Table 1. Map Data Download Approaches
  Passive Approach Active Approach
On-demand Map Packages Bounding Box / Route
Downloaded map data can be used for offline operation Limited (1) Yes Yes
Complexity involved in managing downloads None Medium Low
Size of map data downloads Medium (10s of MBs) Large (100s of MBs) Medium (10s of MBs)
Upper size limit of cache where data is stored (2) 256 MB - 2 GB (2) None (3) 256 MB - 2 GB (2)
Option to check areas for which map data has previously been downloaded (4) No Yes No
Option to check in advance the size of map data to be downloaded No Yes Yes
Option to selectively remove downloaded map data No (5) Yes No (5)
Can perform incremental updates between map data versions Yes (6) Yes (6) Yes (6)
  • (1): Map data downloaded on-demand may support some offline operations such as rendering and search, while others, such as routing, might not work correctly as some essential data may be missing.
  • (2): The default value of disk cache upper limit is 256 MB. To change the upper limit of disk cache size use ApplicationContext.setDiskCacheSize(long) method.
  • (3): The number of map data packages which can be downloaded is only limited by the space available on the device.
  • (4): For example, if you want to display to the user what map data has been downloaded and is available for offline use.
  • (5): Only option is to completely clear the cache using MapDataPrefetcher APIs, thus removing all map data that was downloaded on demand and map data downloaded by specifying a bounding box or route. Downloaded map packages are not removed.

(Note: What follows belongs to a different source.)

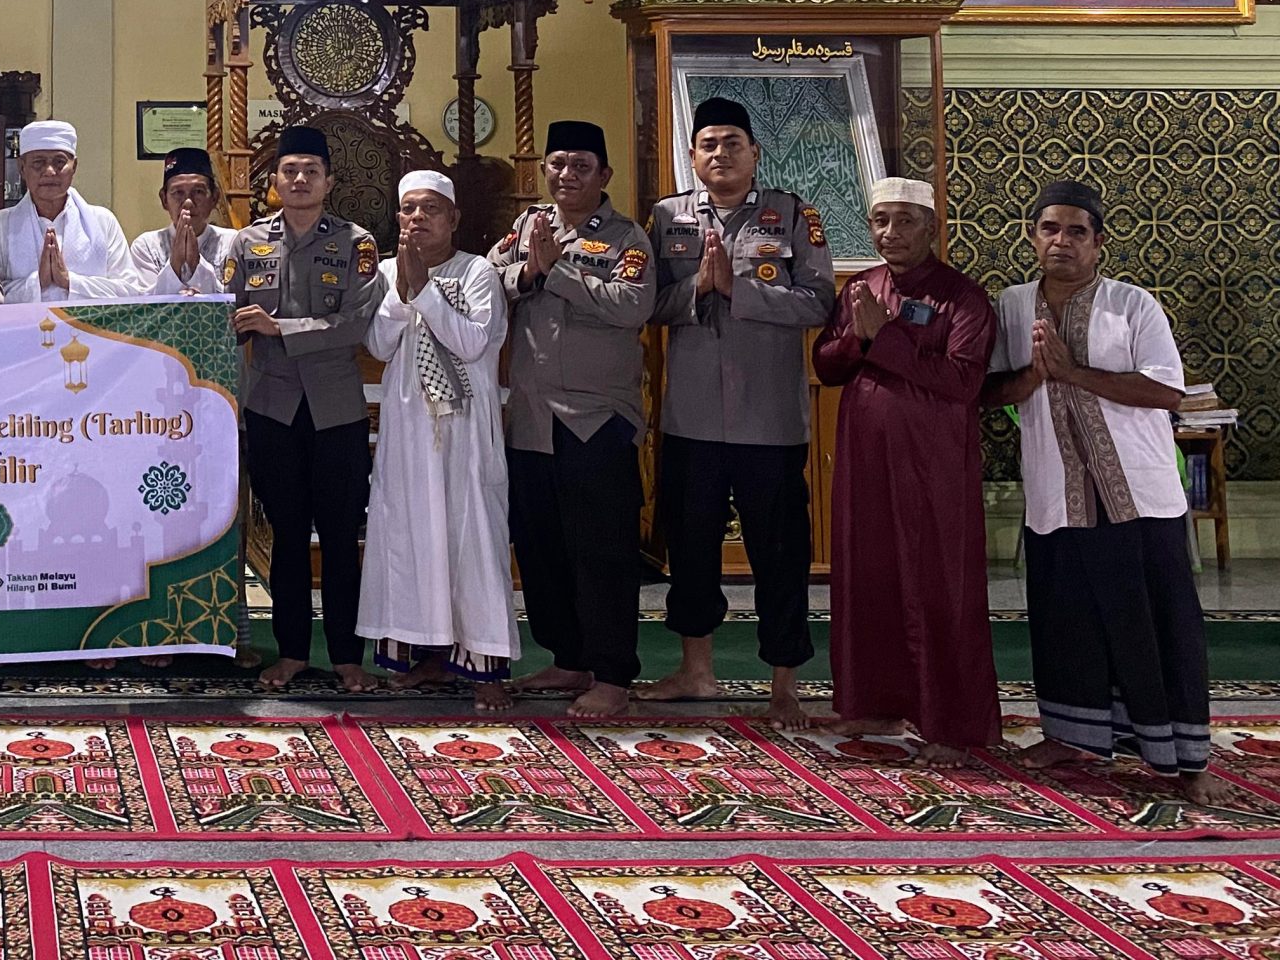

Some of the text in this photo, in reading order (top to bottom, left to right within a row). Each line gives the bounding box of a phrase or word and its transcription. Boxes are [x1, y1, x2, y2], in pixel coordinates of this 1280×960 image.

  • (6): Incremental updates are available when updating to the latest map data release from the two previous releases. Incremental updates are typically small downloads as only the changes are downloaded. For example, when updating to the Q1 2018 map data release from the Q4 2017 or Q3 2017 release, an incremental update or patch is used. Where a patch is not available (such as updating from Q2 2017 to Q1 2018), all map data packages are re-downloaded resulting in a much larger download size, and map data that was downloaded on-demand or by specifying a bounding box/route is removed.

Many applications may use a combination of all three approaches. For example, a UI may be provided to allow users to select map packages to download. Also, an option may be provided to download map data for a route prior to starting turn-by-turn navigation. Map data download on-demand would always be available as a fallback for the case where map data was not downloaded using the other approaches.

Note: In case of rerouting during turn-by-turn navigation, in the very first time the fast offline rerouting is performed. If it gets failed due to essential data missing, then online request is sent to create a new route. For fast and reliable rerouting we recommend to have map data for a route downloaded prior to starting turn-by-turn navigation.